Discussion: CJD remains a difficult diagnosis of exclusion antemortem but should be considered in patients with unexplained rapid neurodegeneration and psychiatric symptoms. Diagnosis is challenging due to the condition’s rarity, which is expected to occur in 1-2 cases per million people each year. While the majority of cases are sporadic, reports have been linked to acquired causes and inherited mutations in the prion protein gene, PRNP. Many clinical features are nonspecific and mimic common neurological conditions such as stroke, encephalitis, Alzheimer’s dementia, and other metabolic or toxic encephalopathies. Hallmarks of CJD include myoclonic jerks, rapidly progressive dementia, and cerebellar disturbances. A comprehensive concurrent workup must be completed for other etiologies including hypoglycemia, stroke, tumors, hydrocephalus, B12 deficiency, metabolic encephalopathies, infectious etiologies such as HIV, Syphilis, Lyme, psychiatric etiologies, and neurodegenerative disorders such as Alzheimer’s and Lewy-Body Dementia.Postmortem brain biopsy is the only way to confirm CJD, but diagnostic tools such as the biomarkers 14-3-3 protein, T-tau, and RT-QuIC can aid in diagnosis. 14-3-3 proteins are expressed in the brain and are thought to be involved in neural signaling and cell cycle regulation. Increased concentrations of 14-3-3 in the CSF have a sensitivity of 90% and specificity of 80% for CJD. Newer modalities include RT-QuIC which detects misfolded prion protein (PrP) in the CSF. This is often used in conjunction with 14-3-3 due to its high sensitivity and specificity of 92% and 100% respectively. Despite the high sensitivity and specificity of 14-3-3 and RT-QuIC, they should only be used when clinical suspicion is high and other diagnoses have already been evaluated.

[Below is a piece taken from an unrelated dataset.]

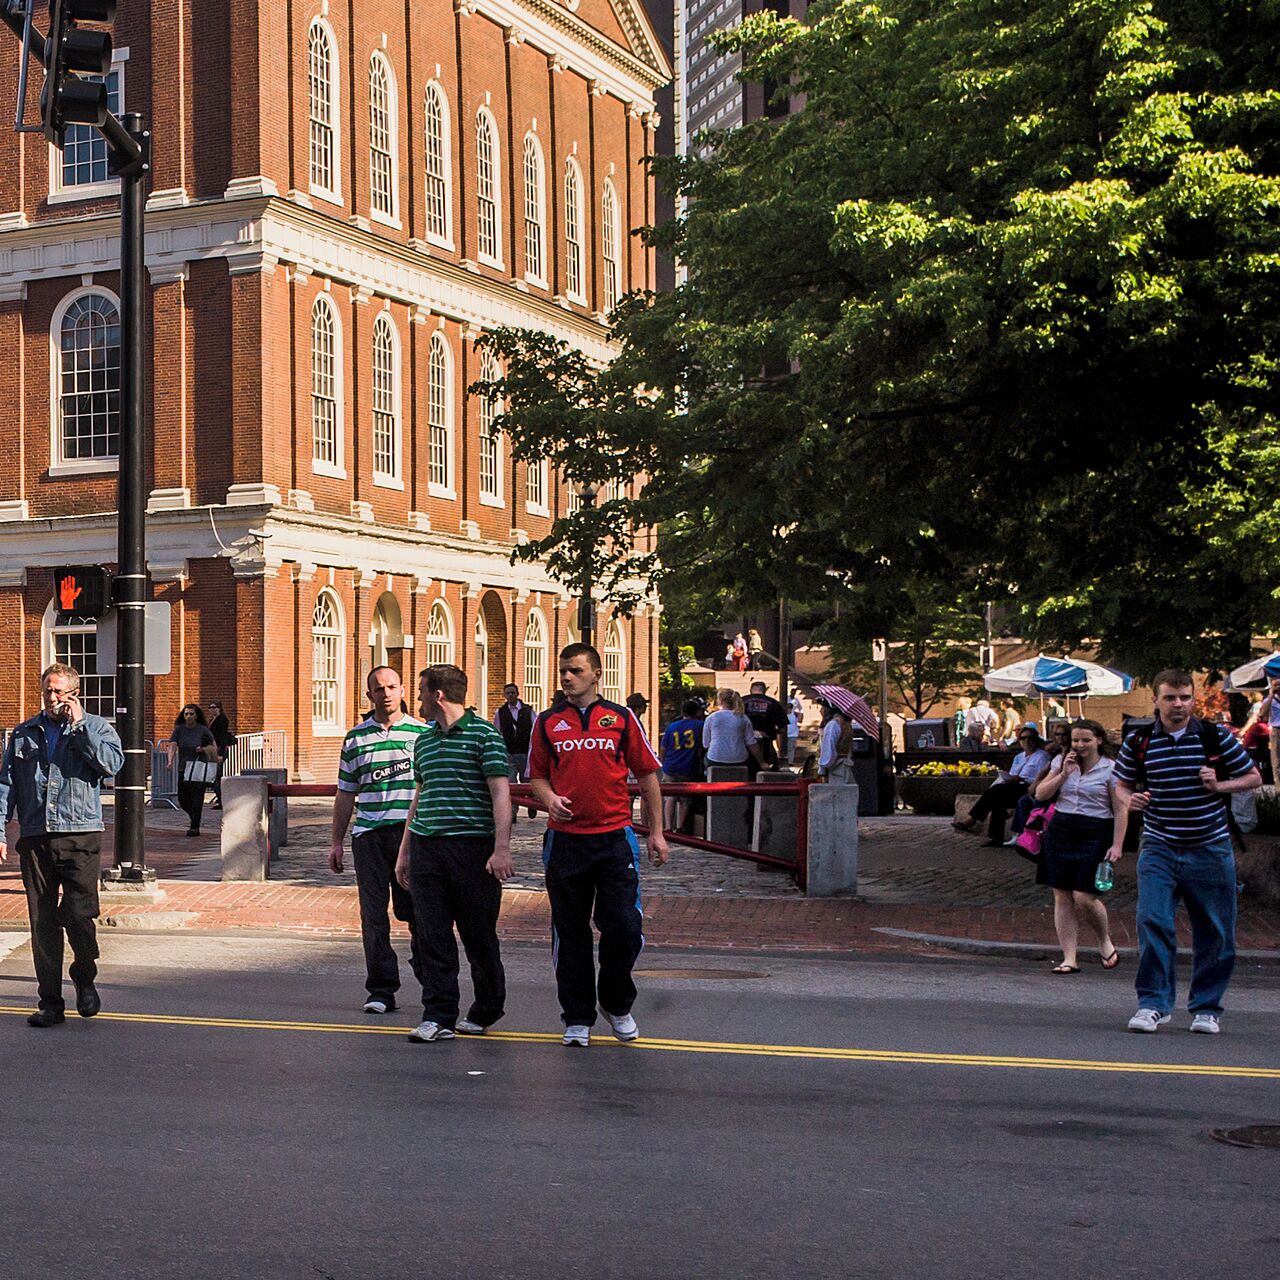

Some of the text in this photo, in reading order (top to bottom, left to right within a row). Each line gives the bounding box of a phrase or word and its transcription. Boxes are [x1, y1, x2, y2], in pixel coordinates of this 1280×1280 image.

Conclusions: CJD is a rare, untreatable, and rapidly progressive fatal neurodegenerative disease. Although there are findings and tests to suggest CJD, a post-mortem brain biopsy is required for a definitive diagnosis. As a result, CJD often remains a diagnosis of exclusion requiring a degree of suspicion and prompt but thorough evaluation. While workup for common etiologies is being conducted, CJD should continue to be on the differential in patients with unexplained encephalopathy, neurodegeneration, or psychiatric symptoms.